The globalists—whether progressive or conservative—are going to say that the world is a certain way and that pretending it is not is only prolonging a fantasy. We can be very successful niche players, these globalists will say, and make a lot of money and continue our tradition as an independent nation.  Or we can waste a lot of money trying to pretend that we dominate the economic and political systems the way we did after World War II—and fail anyway.

solar 3The nationalists will call the globalists, “defeatist.” The globalists will call the nationalists “delusional.” What I want to know is what the voters will call these two “parties.”

In Robert Reich’s excellent book Aftershock, he imagines that Margaret Jones wins the presidency in the 2020 election. [4] Here are a few elements of her platform:

  • increased tariffs on all imports
  • a ban on American companies moving their operations to another country or outsourcing abroad
  • a prohibition on foreign “sovereign wealth funds” investing in the United States.

America will:

  • withdraw from the United Nations, the World Trade Organization, the World Bank, and the International Monetary Fund.
  • end all “involvements” on foreign countries
  • refuse to pay any more interest on our debt to China, essentially defaulting on it, and,
  • stop trading with China unless China freely floats its currency.

Or, as President-elect Jones says as she hits the climax of her acceptance speech, “A nation of good jobs and good wages for anyone willing to work hard! Our nation! America for Americans!” (Thunderous applause).

President-elect Jones’s speech came to mind as I reviewed the coming conflict between the nationalists—like Margaret Jones and Donald Trump—and the globalists, like George H. W. Bush, Bill Clinton, George W. Bush, and Barack Obama. If the average per capita income in the United States continues to decline for middle class families, it is hard to see a globalist getting elected.  In the chart below, look at the trend lines below $50,000,

One more point about China.

But economists and business groups warn that China’s industrial ambitions have entered a new, far-reaching phase. With its deep government pockets, growing technical sophistication and a comprehensive plan to free itself from dependence on foreign companies, China aims to become dominant in industries of the future like renewable energy, big data and self-driving cars.

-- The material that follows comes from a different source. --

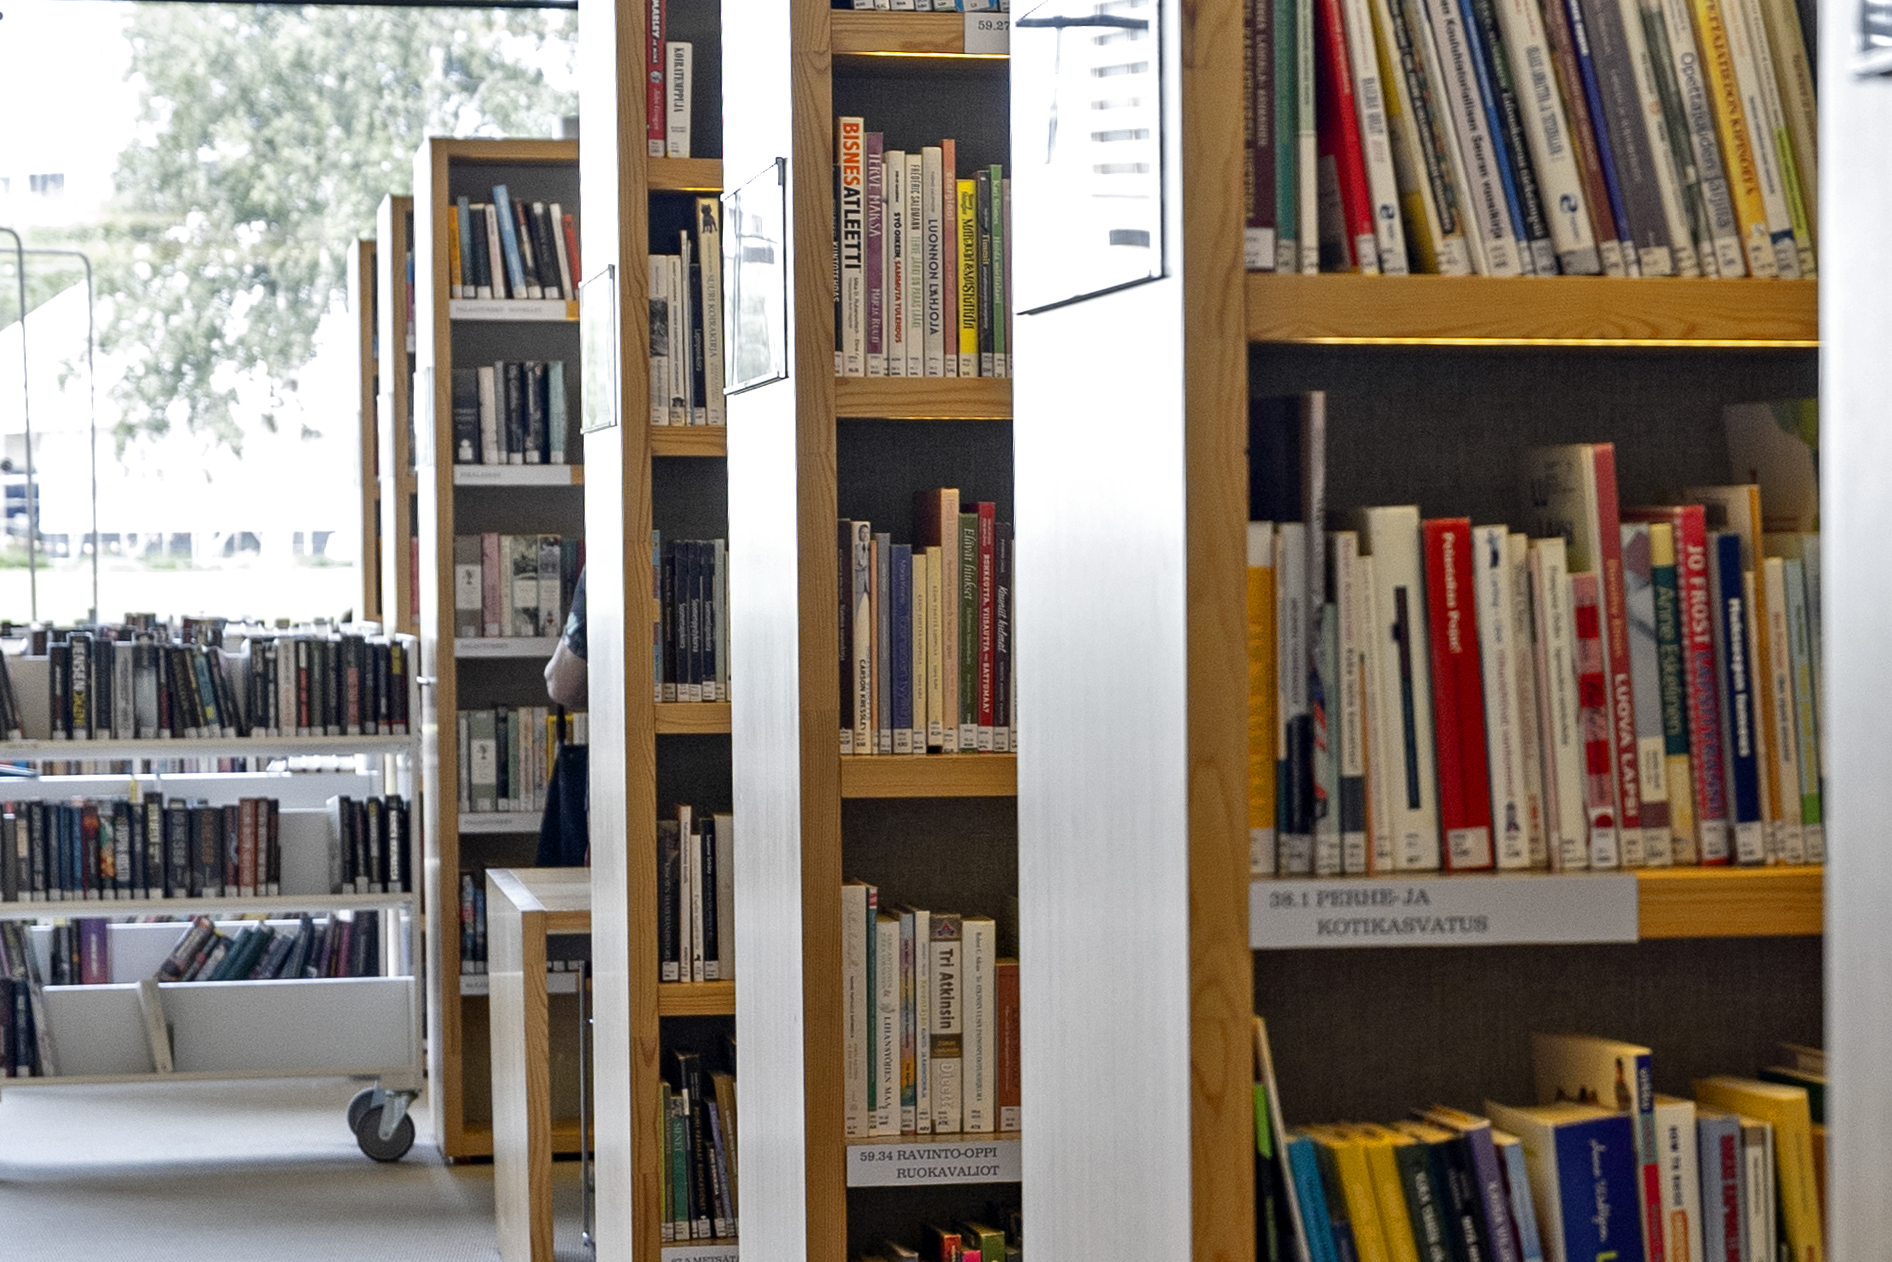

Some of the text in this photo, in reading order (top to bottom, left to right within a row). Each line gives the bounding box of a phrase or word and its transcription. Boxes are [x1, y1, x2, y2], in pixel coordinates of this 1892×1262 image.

Solar panels are, in other words, China’s off-Broadway production. They have a model—I called it “economic nationalism” earlier—and the resources to put that model into operation in ways that far outstrip Japan’s efforts in the 1990s. With that much money and that much power and that many customers and that many producers, what global industry could they not dominate if they chose to?

solar 5If this is the wave of the future, economically, how can the American voters prepare to vote their own economic self-interest in national elections? How can they learn to respond to the globalist message when there is no hope in it for them and no way back to American global dominance?

Can these Americans learn to prefer actual prosperity based on being a part of a well-functioning global system, to promises of a return to former glory? We didn’t in 2016. Maybe we will have another chance in 2020.

[1] And I’m not even considering the post-war social conservatism which was very favorable to men. I didn’t know at the time that I was living in a little androcentric bubble; I thought that’s just how things had always been.
[2] In choosing that focus, I am not saying that China now is that dominant power, but China is following the 1990s path used so successfully by Japan, except they are bringing a huge population and huge resource base to the project. If they can continue to buy off their internal dissenters, I don’t see what stands in their way. Certainly, it is not us.
[3[ I know that “patient” looks odd there, but I wanted to imply passivity and also to imply suffering and both of those words derive from a Latin verb meaning “to suffer.” So I am granting myself a little poetic license.
[4] The subtitle of Reich’s book is “The next economy and America’s future.” See page 79 for the platform of the “Independence Party.” Reich’s vision is so compelling that I forgive him for predicting it four years too late. In this fantasy, Jones defeats the Republican candidate, George P. Bush and the Democratic candidate Chelsea Clinton.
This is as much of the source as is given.